Pablo Rasgado

Artforum

Artforum, December 2017 (print)
Pablo Rasgado at Steve Turner
By Kavior Moon

Walls have been a recurring motif in the works of Mexico City–based artist Pablo Rasgado. In his ongoing “Extractions” series, 2006–, Rasgado produces found paintings by lifting off sections of splattered, graffitied, or scuffed walls in outdoor urban spaces using a centuries-old fresco restoration technique called strappo. Unlike other artists who have also taken surfaces found in the streets as subject matter—for example, Brassaï, who made uncanny photographs of scratched drawings and pockmarked surfaces in the streets of midcentury Paris—Rasgado extracts physical segments of facades, preserving and presenting a range of indexical traces, from declarations of political protest to unintentional marks left by anonymous dwellers of his home city. In his more recent series “Unfolded Architecture,” 2007–, Rasgado repurposes used slabs of drywall from venues where he has previously shown, transforming temporary walls discarded at the end of exhibitions into architectural sculptures and functional structures on which other works of art are hung.

In his recent show at Steve Turner, “This Too Shall Pass,” Rasgado constructed a mazelike installation and selected a group of works by other artists to exhibit within it. Many of these artists hailed from Los Angeles, as well as from cities in Latin America (such as Zapopan, Mexico, and Mercedes, Argentina), in a nod to the Getty Foundation–sponsored, multivenue Pacific Standard Time art program concurrently taking place.

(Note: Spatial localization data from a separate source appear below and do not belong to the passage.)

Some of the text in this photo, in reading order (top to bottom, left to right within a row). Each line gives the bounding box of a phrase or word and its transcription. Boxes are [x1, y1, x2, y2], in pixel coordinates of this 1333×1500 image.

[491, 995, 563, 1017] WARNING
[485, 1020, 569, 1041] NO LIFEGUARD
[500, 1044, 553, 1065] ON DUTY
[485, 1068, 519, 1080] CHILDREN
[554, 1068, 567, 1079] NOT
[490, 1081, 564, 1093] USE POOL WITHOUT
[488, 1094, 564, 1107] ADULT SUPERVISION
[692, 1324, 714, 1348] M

A number of the works on view in this exhibition-within-an-exhibition used nonprecious, often mundane materials in abstract forms that recalled processes of destruction and transformation. In Luciana Lamothe’s Untitled, 2017, for instance, a grid of steel couplers and rusted pipes, slashed open at regular intervals, suggested both material obsolescence and the building of infrastructure. In Brian Rochefort’s ceramic pieces—Bull HeadLarge ConchRed Skull, and Skull Planter, all 2017—ready-made terra-cotta objects were covered with grotesquely colorful layers of glaze, their original forms rendered unrecognizable. Graham Collins’s Untitled, 2015, was made from found paintings purchased in thrift stores, which the artist cut up and dynamically recomposed into an irregular polyhedral shape. On the gallery’s back wall hung Kelly Kleinschrodt’s restkonstellation I, 2017, a photogram of minuscule shards of clear glass spread out against a dark field, the residue of a pulverized object memorialized into a shimmering image. The show took a geopolitical turn with Emilio Chapela’s Euroasiaamérica, 2014, a mash-up of the silhouettes of various nation-states and continents to create a new, discombobulated world map.

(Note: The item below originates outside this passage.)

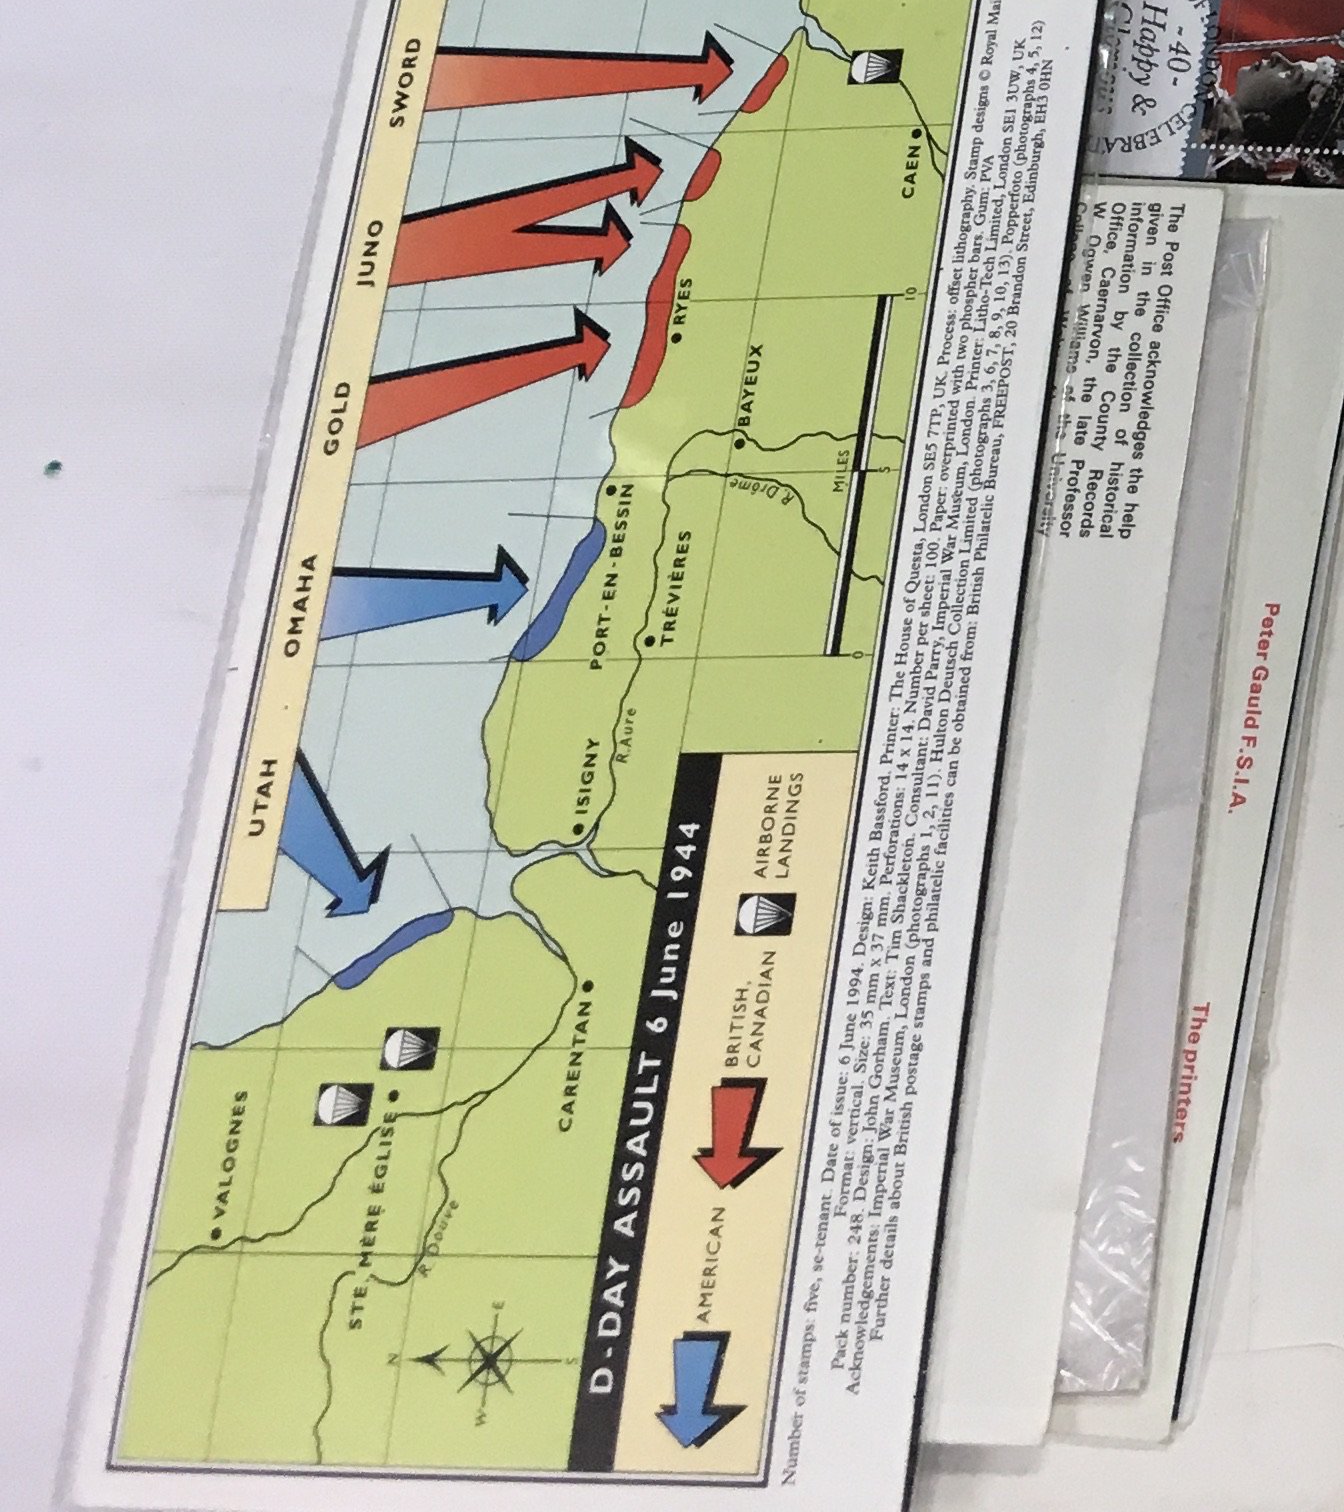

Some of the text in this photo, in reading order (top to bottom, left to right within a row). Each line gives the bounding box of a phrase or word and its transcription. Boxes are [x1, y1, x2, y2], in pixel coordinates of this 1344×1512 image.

Other works in the exhibition explored the sensation of time passing and the irreversible flow of history. Tim Hawkinson’s World Clock, 2012, was a medicine cabinet filled with everyday objects, such as a nail clipper and a pill bottle, all embedded with clock gears and hands set to different time zones across the globe. For Matthew Brandt’s gum bichromate print711376Fu3, ‘Manhattan: 16th Street (west)-8th Avenue: 1931, 2014, which showed an archival image of a no longer extant building in Manhattan’s Meatpacking District, the artist used dust from the titular site as pigment in the printing process. Similarly, a rotating display of postcards—selected by Rasgado from gallery owner Steve Turner’s personal collection—presented black-and-white photographs of farmlands, neighborhoods, and buildings in the Los Angeles area that have since been razed and redeveloped.

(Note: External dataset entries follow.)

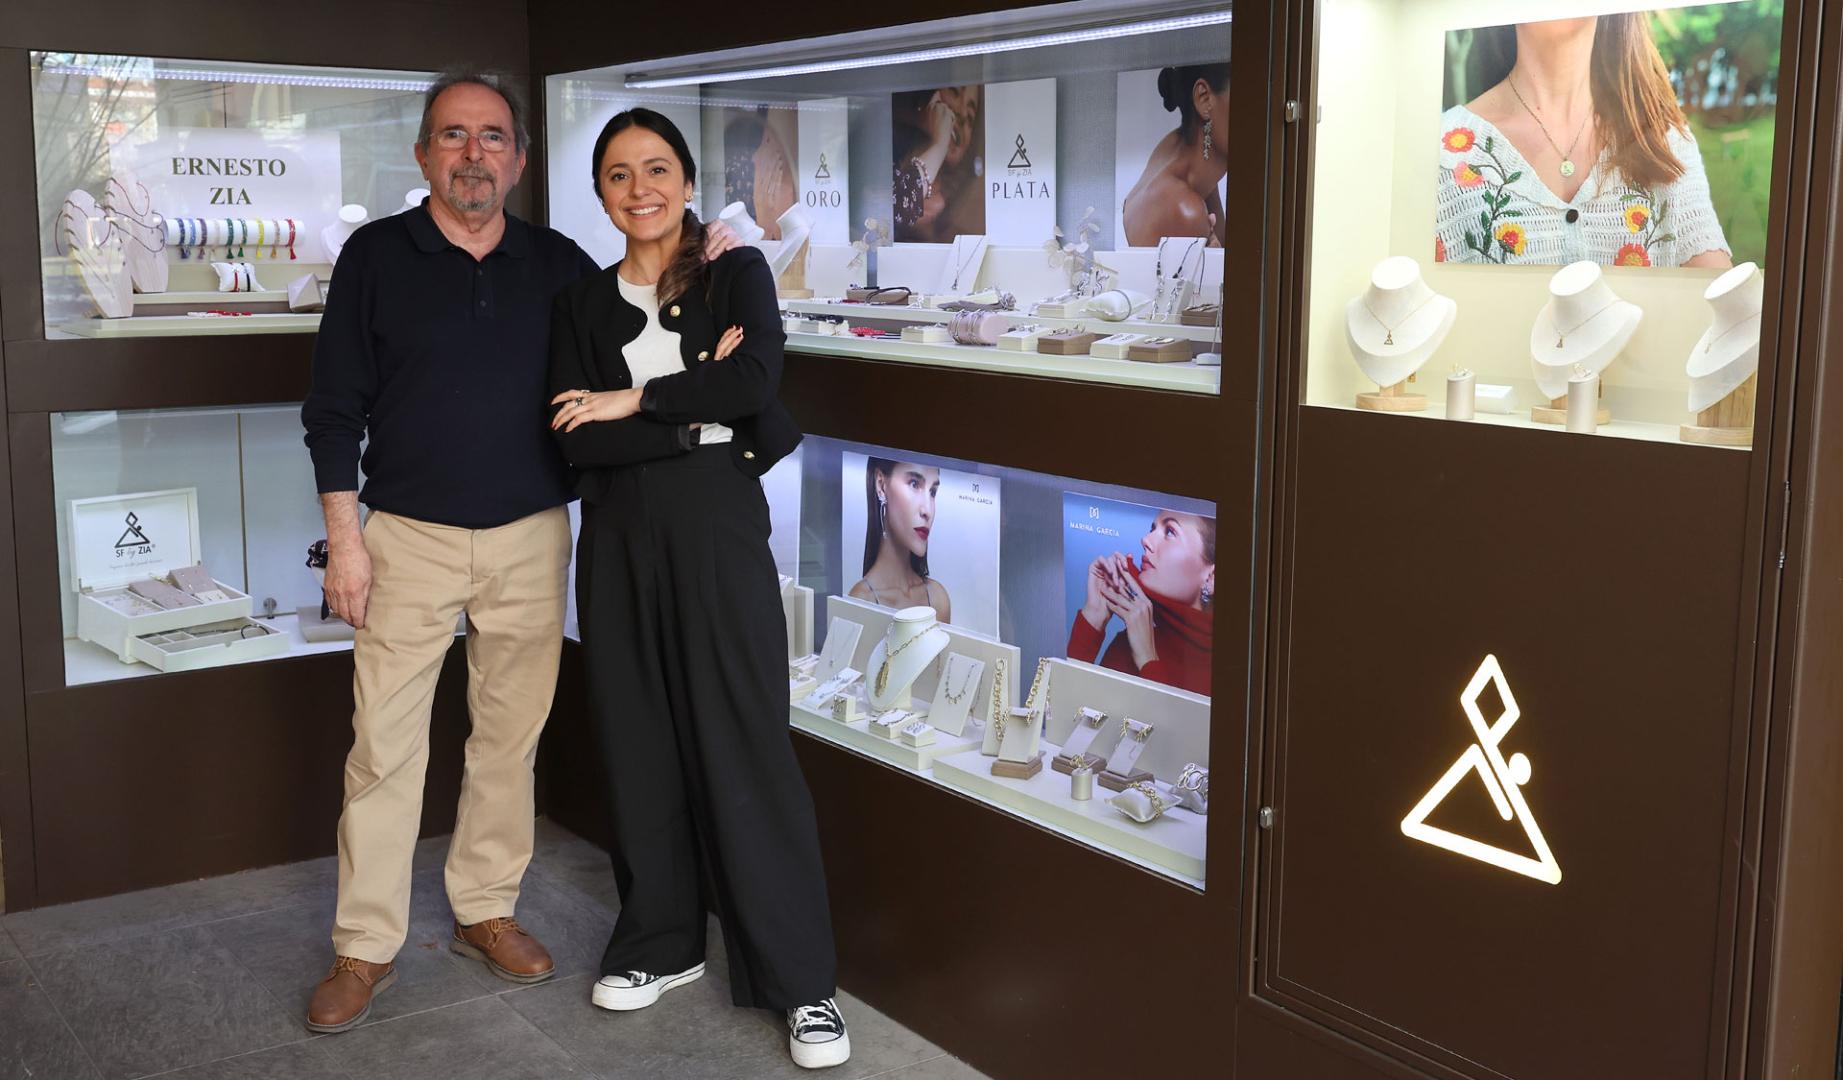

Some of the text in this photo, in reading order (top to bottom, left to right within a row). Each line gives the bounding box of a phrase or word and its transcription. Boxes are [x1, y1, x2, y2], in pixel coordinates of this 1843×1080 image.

[171, 157, 286, 176] ERNESTO
[209, 187, 252, 205] ZIA
[806, 190, 841, 208] ORO
[992, 181, 1050, 199] PLATA
[1070, 521, 1093, 532] MARINA
[115, 549, 125, 558] SF
[138, 545, 152, 555] ZIA

Times are indeed a-changing. The specter of walls also haunts the news. What once seemed a ludicrous campaign promise by Donald Trump is now on the horizon of the possible for the current administration. While two of Allen Ruppersberg’s silk-screened Poster Objects from 1988, respectively asking WHAT SHOULD I DO? and WHERE SHOULD I GO?, might have seemed humorous when originally exhibited twenty years ago, in the current political climate these questions cut close to home, particularly for those living in the US whose right to remain here is being undermined. Propped up on a pedestal at the very front of the exhibition was a work by Rasgado that seemed to anticipate the anxiety these queries might instill in the viewer: a copper penny altered by the artist that, in place of IN GOD WE TRUST, soberly reads THIS TOO SHALL PASS.